Не приснилось ли это? И зачем нужен был этот мучительный сон?
Вот же оно — его место. Этот просоленный берег, теплый ветерок, врывающийся в незашторенное окно, запах моря, песка и рыбы. Запах сладкого кофе со сливками, который так любит Киро. Киро, не растерявший ни капли прежнего обожания. Неухоженный, изможденный, высохший в своем отвратительном кресле, но в сиянии незабытой любви казавшийся невероятно красивым. И величественным.
Неужели все эти долгие годы Сад оставался тем своевольным, упрямым, хохочущим в полное горло дичком, а глянцевая позолота лишь прикрыла шершавые от соли коленки и локти?
Кто же он, черт побери?! Кто нёсся вперед, не зная устали, глотал, не зная насыщения?

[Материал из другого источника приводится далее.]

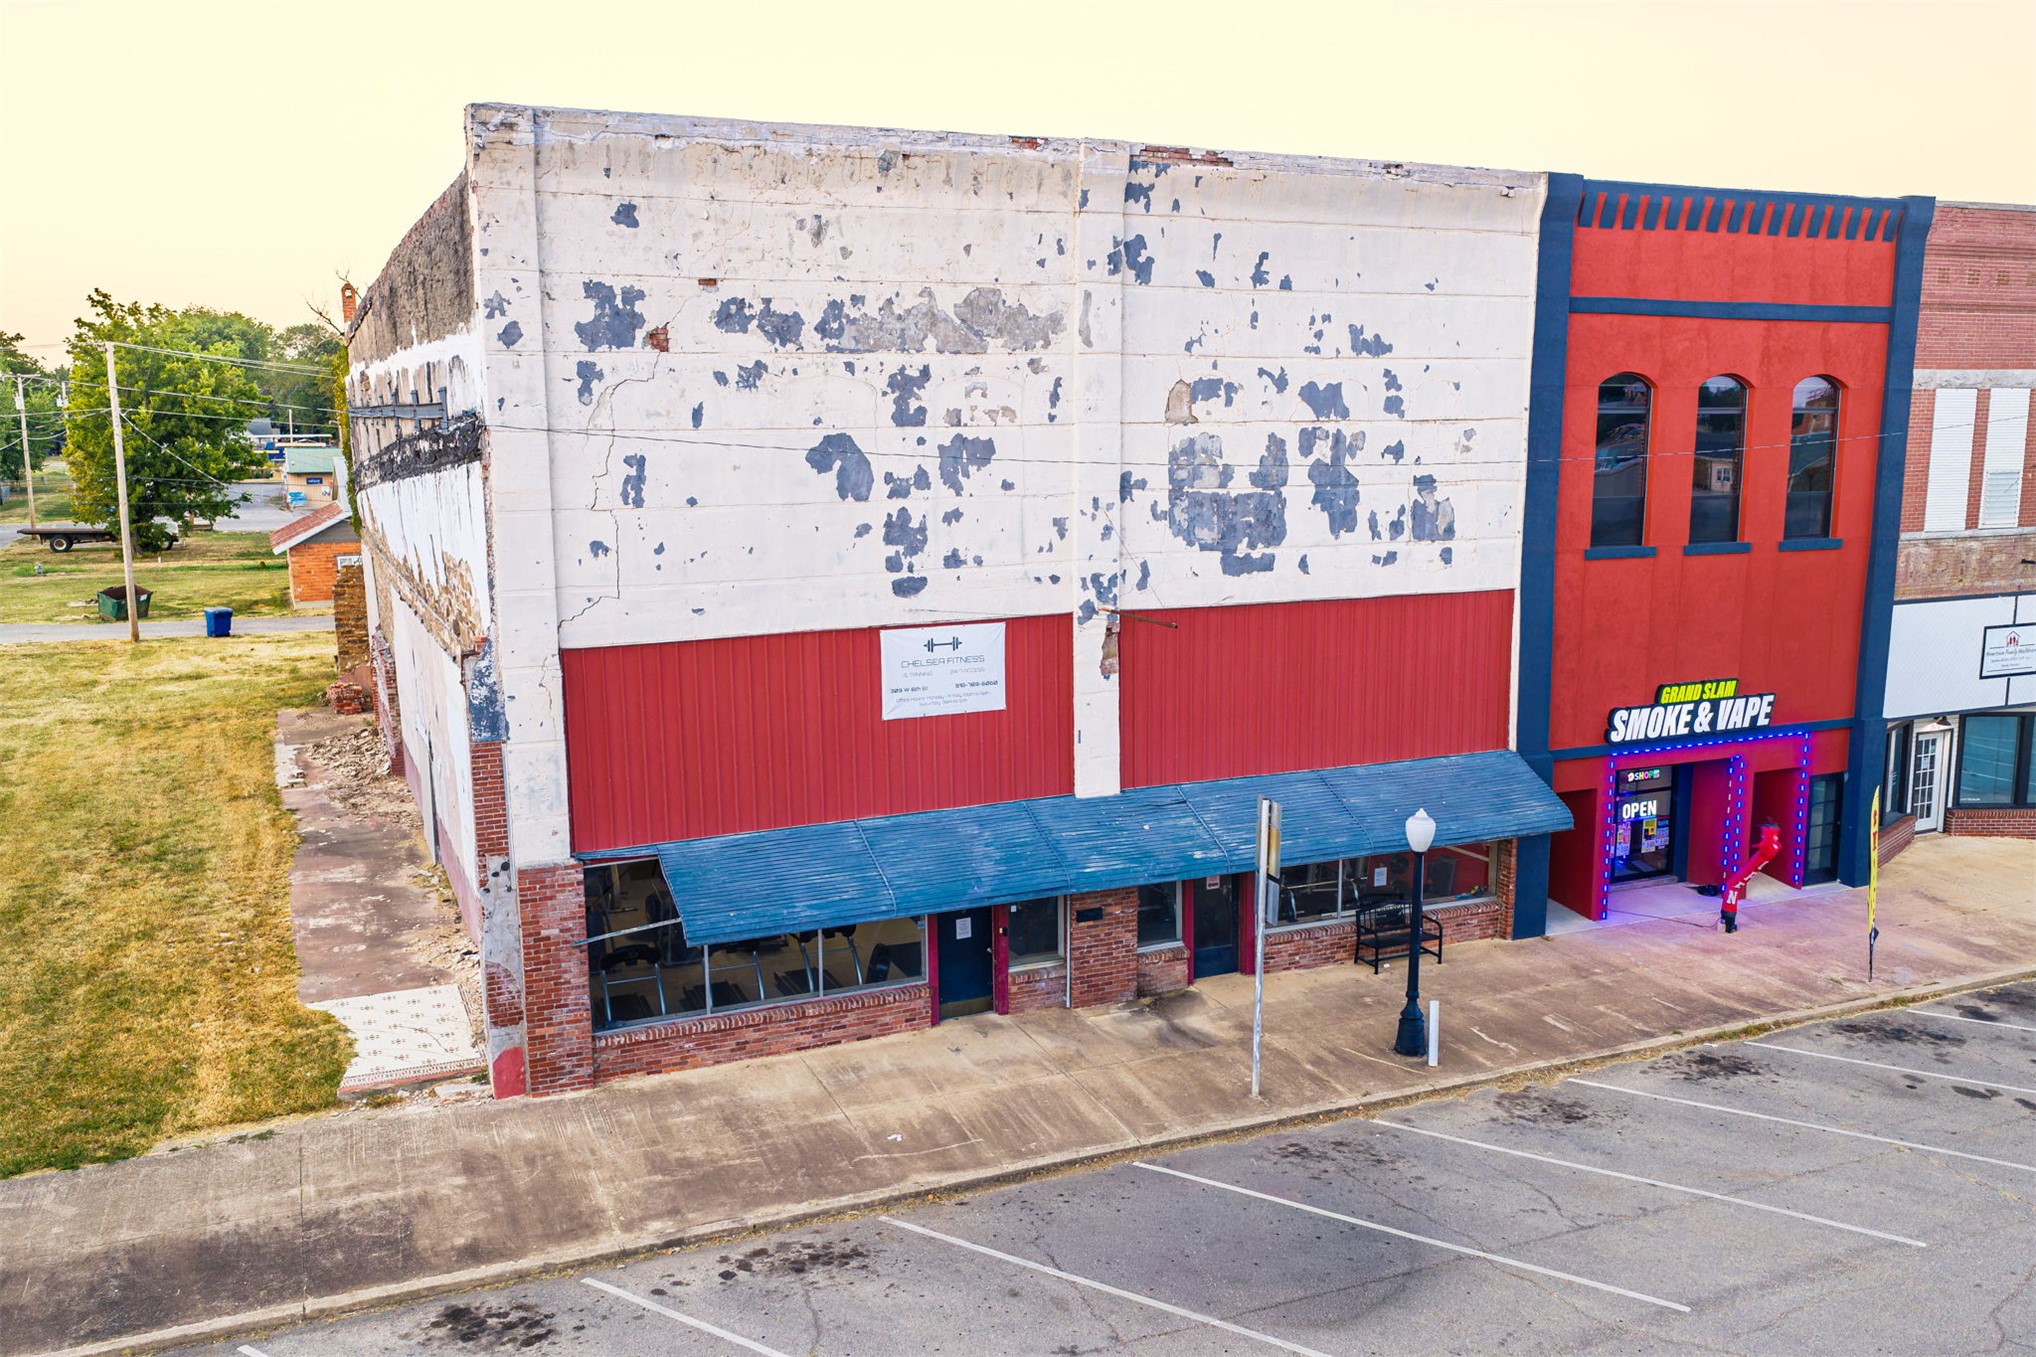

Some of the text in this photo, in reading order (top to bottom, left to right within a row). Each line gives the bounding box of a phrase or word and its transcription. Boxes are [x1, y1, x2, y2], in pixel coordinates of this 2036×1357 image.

[901, 655, 985, 668] CHELSEA FITNESS
[1660, 679, 1738, 704] GRAND SLAM
[1610, 694, 1775, 743] SMOKE & VAPE
[1634, 770, 1654, 781] SHOP
[1622, 799, 1657, 819] OPEN

Кто корчился в сладострастных муках, насаживаясь на искусственный член? И кто, увидев однажды блистательно странного, даже на первый взгляд непокорного незнакомца, тут же захотел его взять, сделав первый шаг к своему позорному краху?
А может быть, к избавлению?
Не потому ли так яростно метался в нем алчный, безжалостный зверь, что тянуло его сюда, в эту благословенную глушь?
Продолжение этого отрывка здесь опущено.